American attitudes have hardened lately, with an increased willingness to launch strikes against the Islamic State of Iraq and the Levant — first in Iraq, and now in Syria. But polls also suggest that they still staunchly oppose another ground war, after a decade of bloody and multi-trillion dollar foreign conflicts. Canada has contributed to the ISIL fight with humanitarian airlifts and the promise of special forces in Iraq.
Wednesday's speech was the latest step down an improbable path for a presidency that sprang from an anti-war platform and received a Nobel Peace Prize in its infancy.
The catalyst appeared to be brutal images from the Islamic rebellion that has gobbled up territory in eastern Syria and western Iraq, notably two videos of American journalists being beheaded.
American public opinion has shifted, even from just a few weeks ago.
An NBC/Wall Street Journal poll said 61 per cent declared attacking ISIL in Iraq and Syria would be in the national interest, versus a minuscule 13 per cent who disagreed. A year ago, respondents answered with a deafening No when asked whether the U.S. should attack Syria's Assad regime — only 21 per cent supported action in Syria in August 2013.
After avoiding participation in the Syrian conflict, Obama had briefly flirted with airstrikes last year upon evidence that the regime had used chemical weapons. But he was shouted down by American public opinion back then.
Even Wednesday, there was a strong word of caution from a surprising quarter: the Canadian speechwriter who penned George W. Bush's speeches a decade ago as he prepared to invade Iraq. David Frum, the author of the "axis of evil" line, said he's haunted by the decision to launch a war under false pretences and said there's not a single day that he doesn't think about it.
To illustrate his case, he pointed to the 180-degree shift from 2013. Obama has not only switched his main target in Syria, from the regime to the rebels, but he's also gone from insisting back then on the need to get congressional approval to now insisting he can act without it.
"It seems like only last year that this president was asking Congress for authority to bomb Assad. Twelve months later, he will bomb Assad's enemies," Frum wrote in the Atlantic.
"Why does bombing one side of a war require congressional permission, while bombing the other side does not? The administration doesn't answer, because nobody is asking. Something must be done! This is something! Let's do this!... It's a reaction: an emotional reaction, without purpose, without strategy, and without any plausible — or even articulated — definition of success."

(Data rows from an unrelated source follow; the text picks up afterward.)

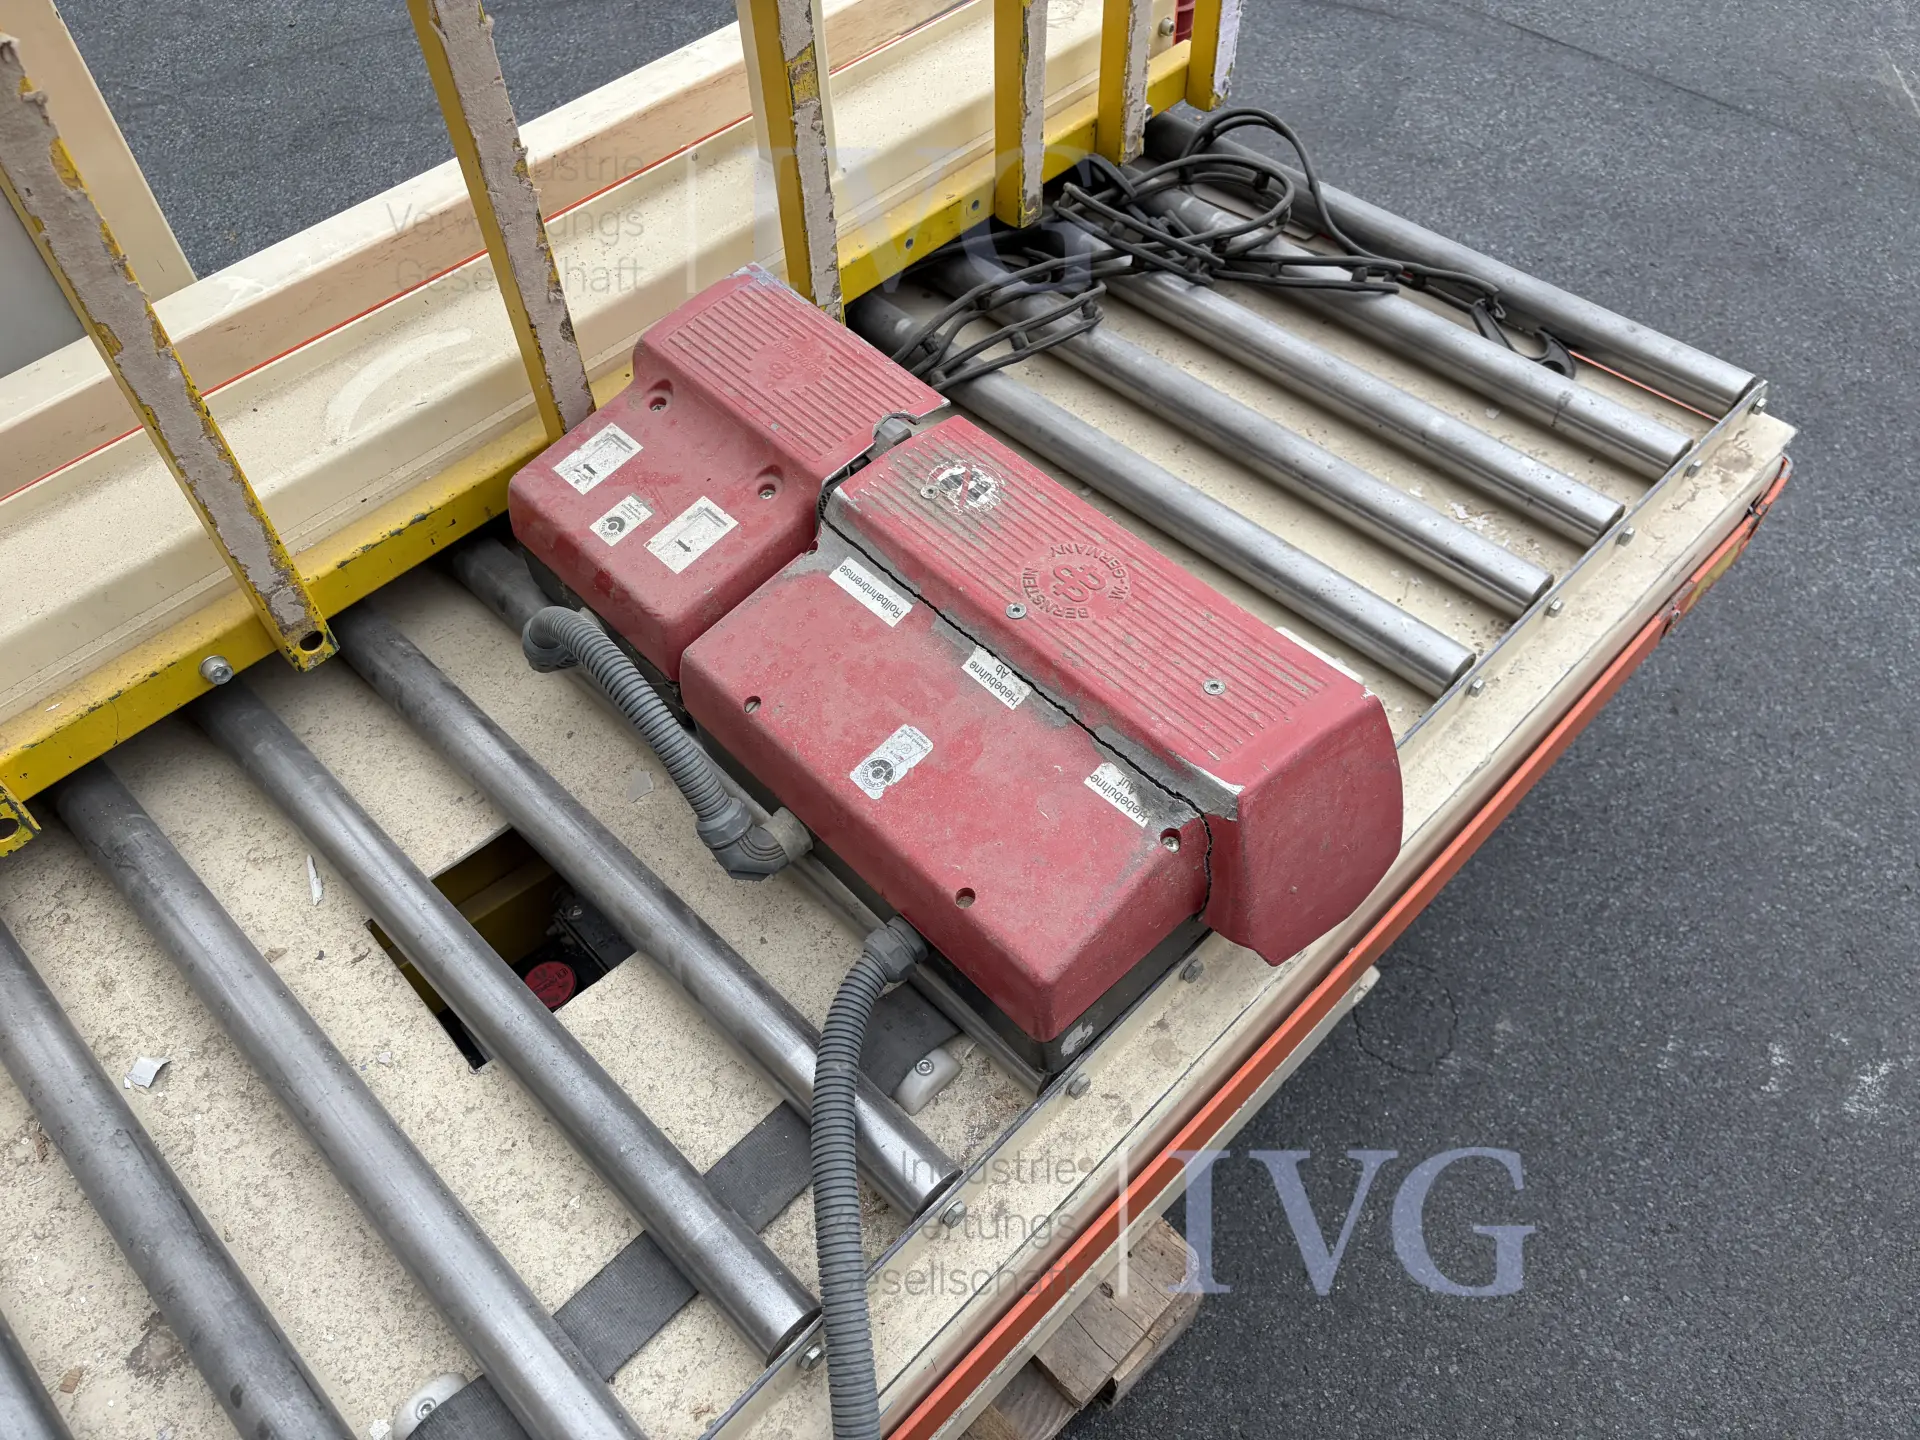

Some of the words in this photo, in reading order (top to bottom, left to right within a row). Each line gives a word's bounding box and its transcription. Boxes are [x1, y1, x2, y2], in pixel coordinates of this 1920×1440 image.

[839, 564, 904, 619] Rollbahnbremse
[1022, 567, 1090, 619] BERNSTEIN
[968, 659, 1020, 707] Hebebühne
[995, 663, 1011, 679] Ab
[1090, 773, 1148, 823] Hebebühne
[1118, 776, 1136, 796] Auf

But Frum may be in the minority.
The ISIL threat is already being felt in the early race for the 2016 presidential nominations. The most prominent war-skeptic in the Republican party, Sen. Rand Paul, has made more hawkish noises lately.

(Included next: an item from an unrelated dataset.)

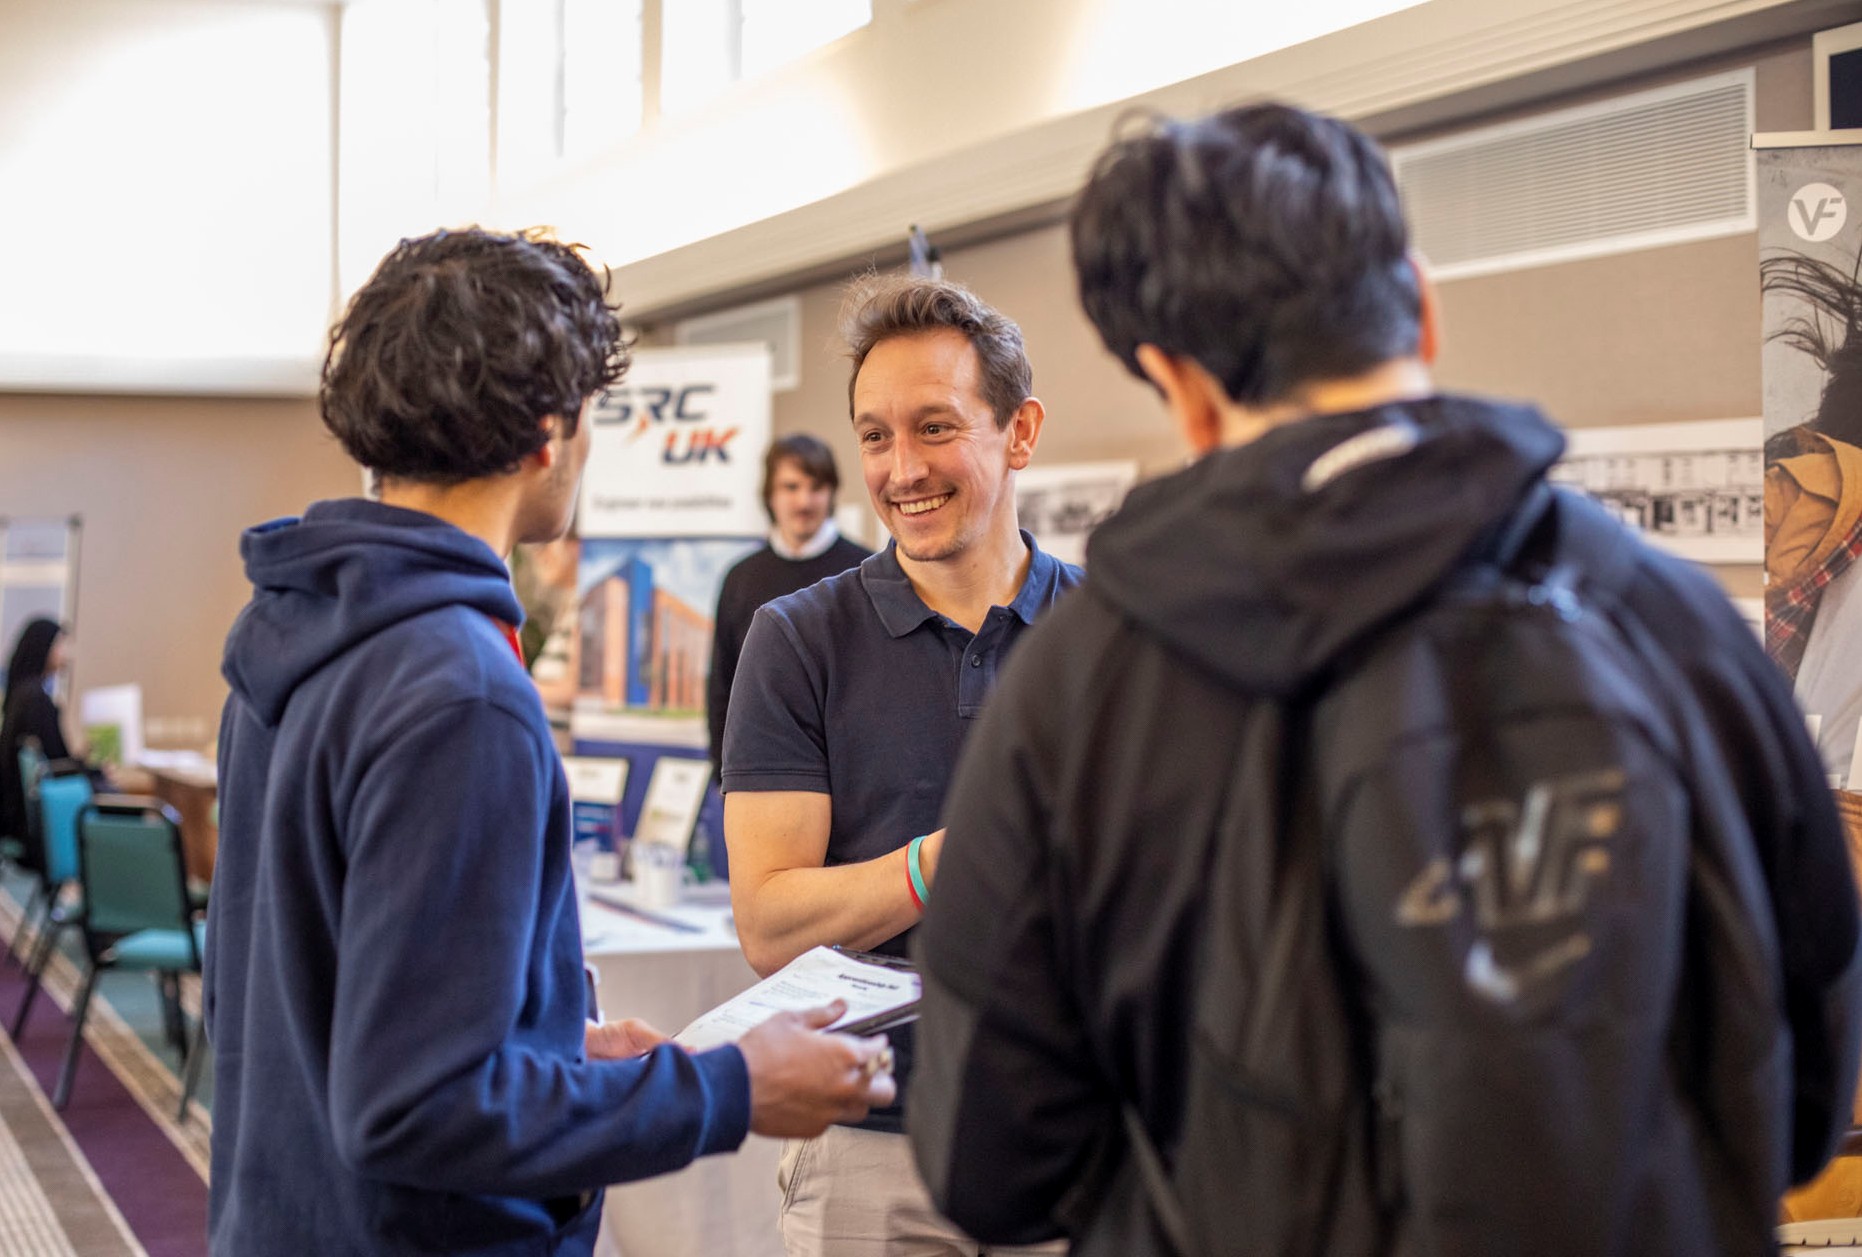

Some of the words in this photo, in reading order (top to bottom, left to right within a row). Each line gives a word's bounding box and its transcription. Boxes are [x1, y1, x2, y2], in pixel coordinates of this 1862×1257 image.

Canada's ambassador to the U.S. acknowledged the dilemma Obama faced in Syria.
"Canada didn't arm moderates in Syria a couple of years ago because we didn't know who they were. And now we find that the people who were armed last year, all the arms are owned by ISIS in Syria," Gary Doer said during an energy-industry event in Calgary.

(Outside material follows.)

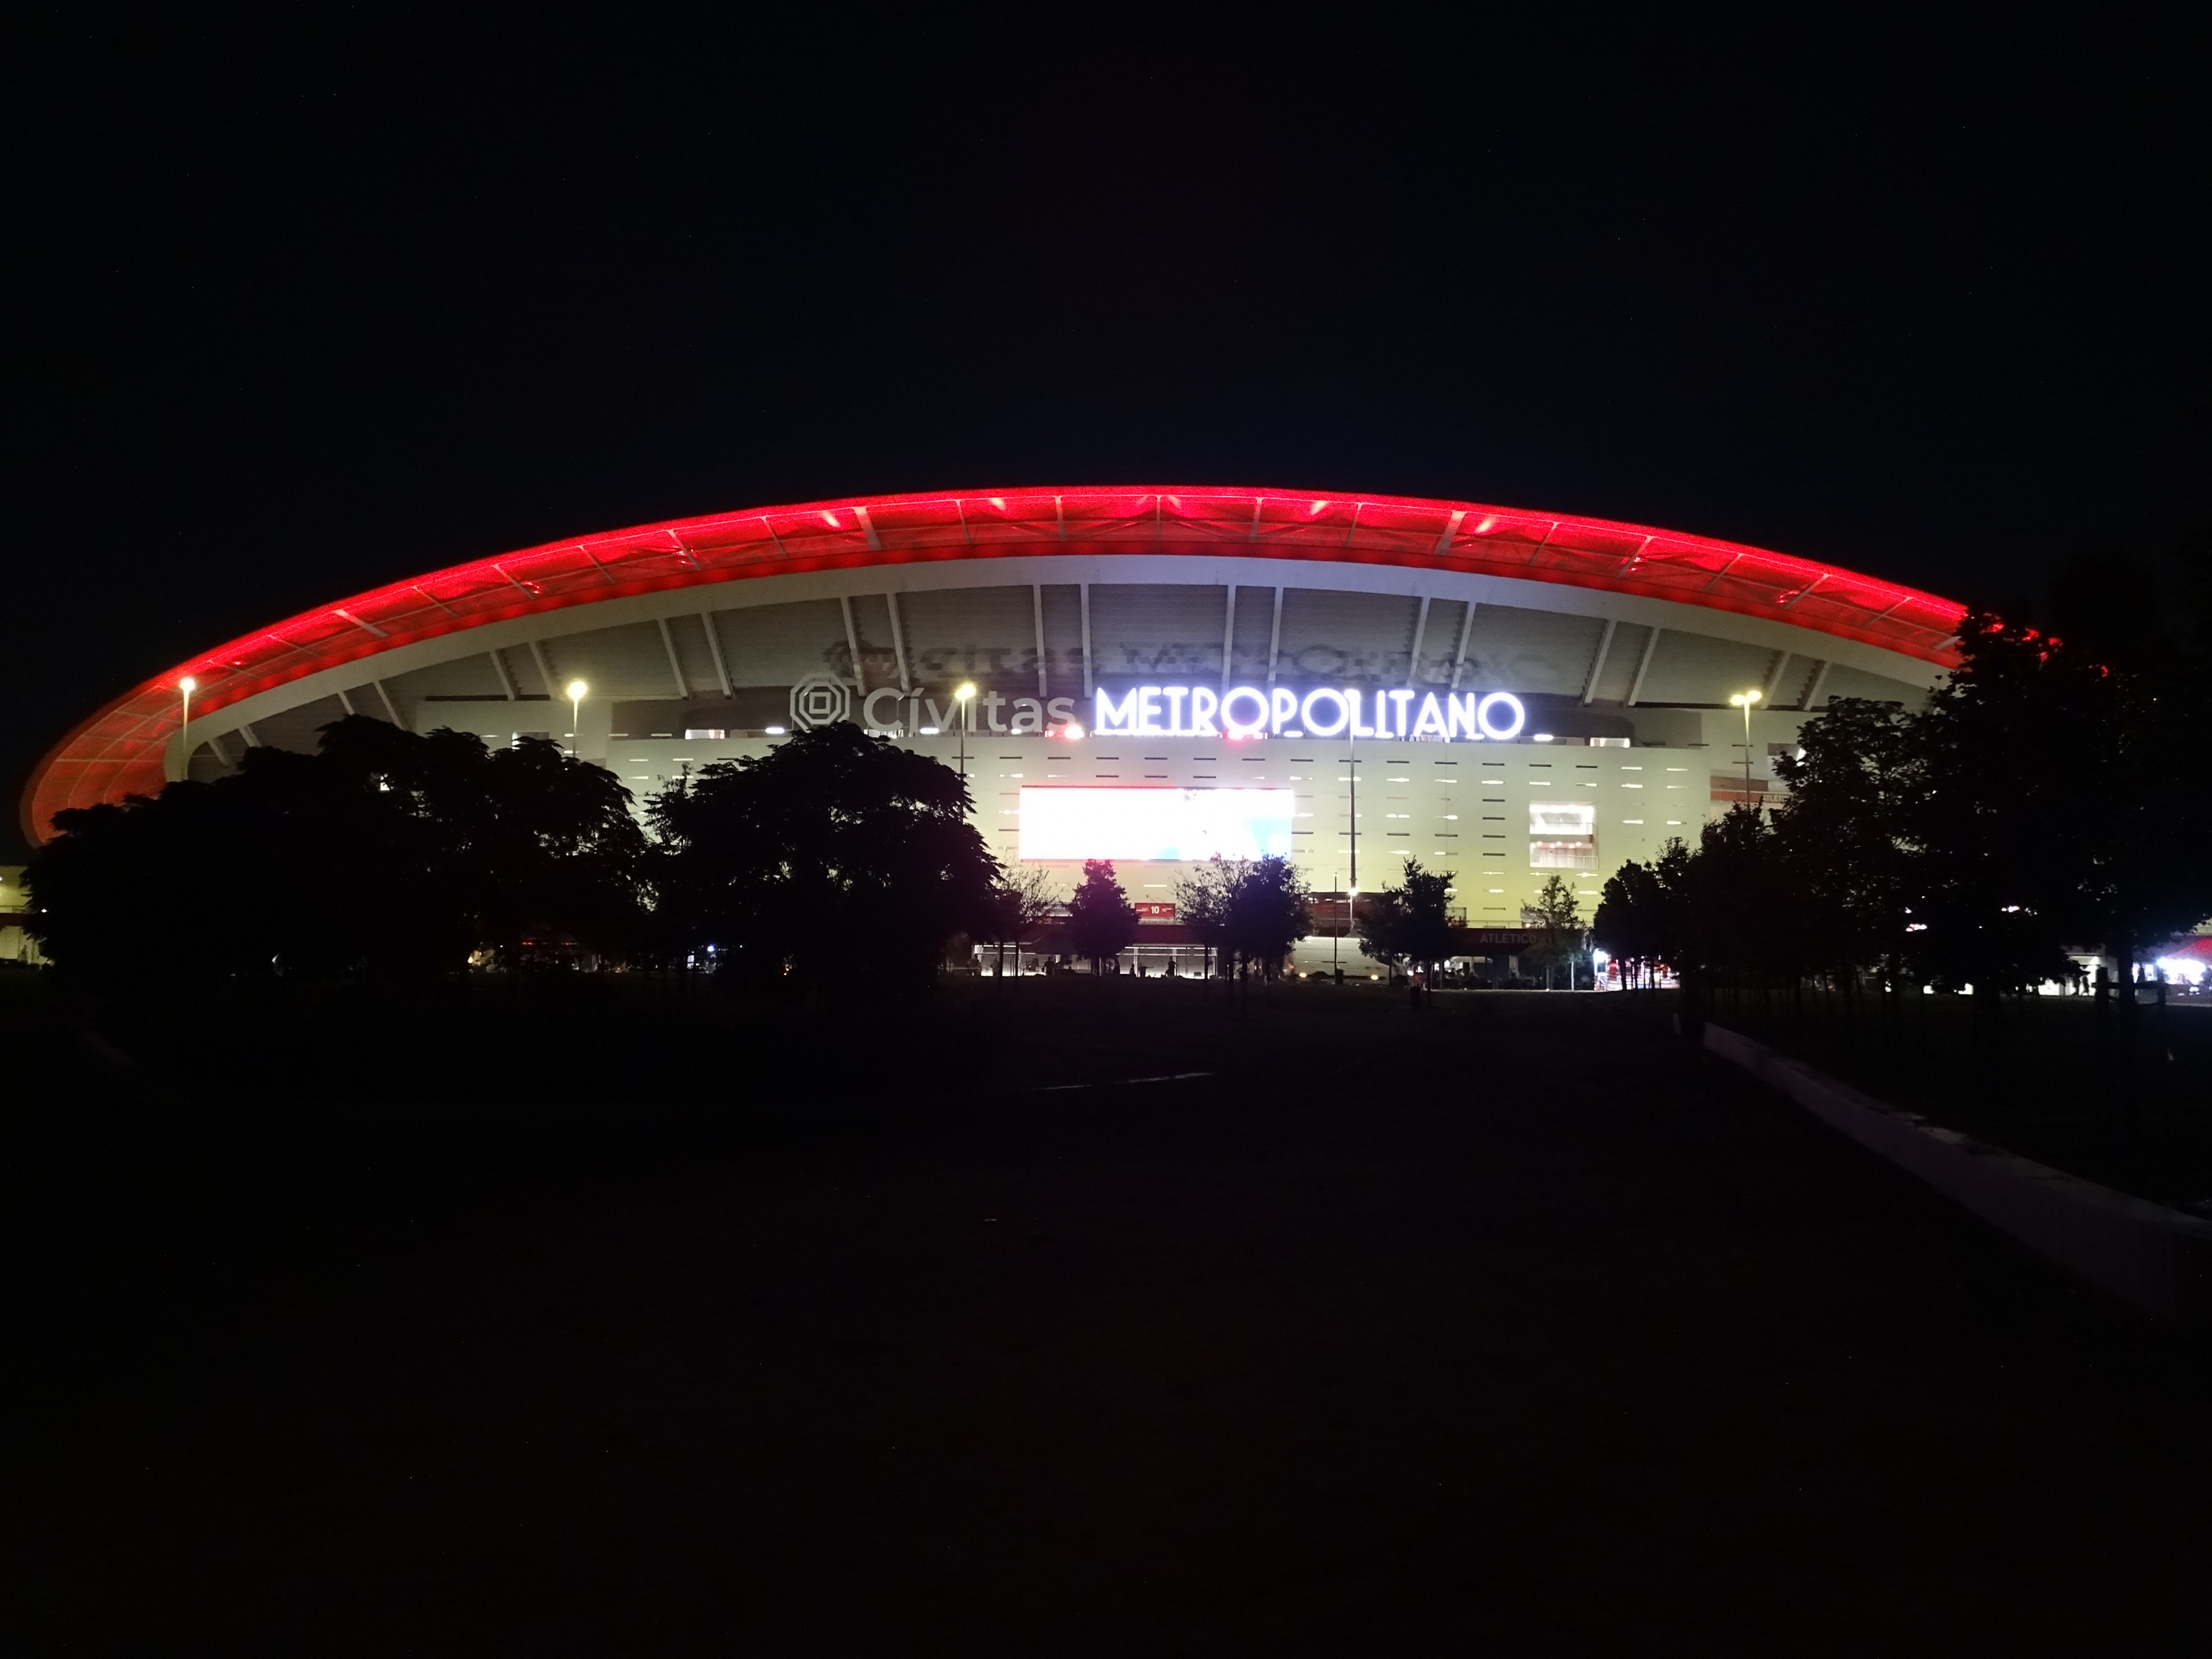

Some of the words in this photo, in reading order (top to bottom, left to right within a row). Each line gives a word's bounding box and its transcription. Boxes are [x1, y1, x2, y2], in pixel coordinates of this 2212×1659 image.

"So these are not easy questions for the president."
Hours before the speech, Obama convened a meeting with more than a dozen members of his national-security team at the White House. He also spoke by phone with King Abdallah Abd al Aziz of Saudi Arabia.
The U.S. has pressured regional allies to step up their own role in fighting ISIL, and Obama has expressed exasperation at the notion that Americans should be expected to do all the heavy lifting.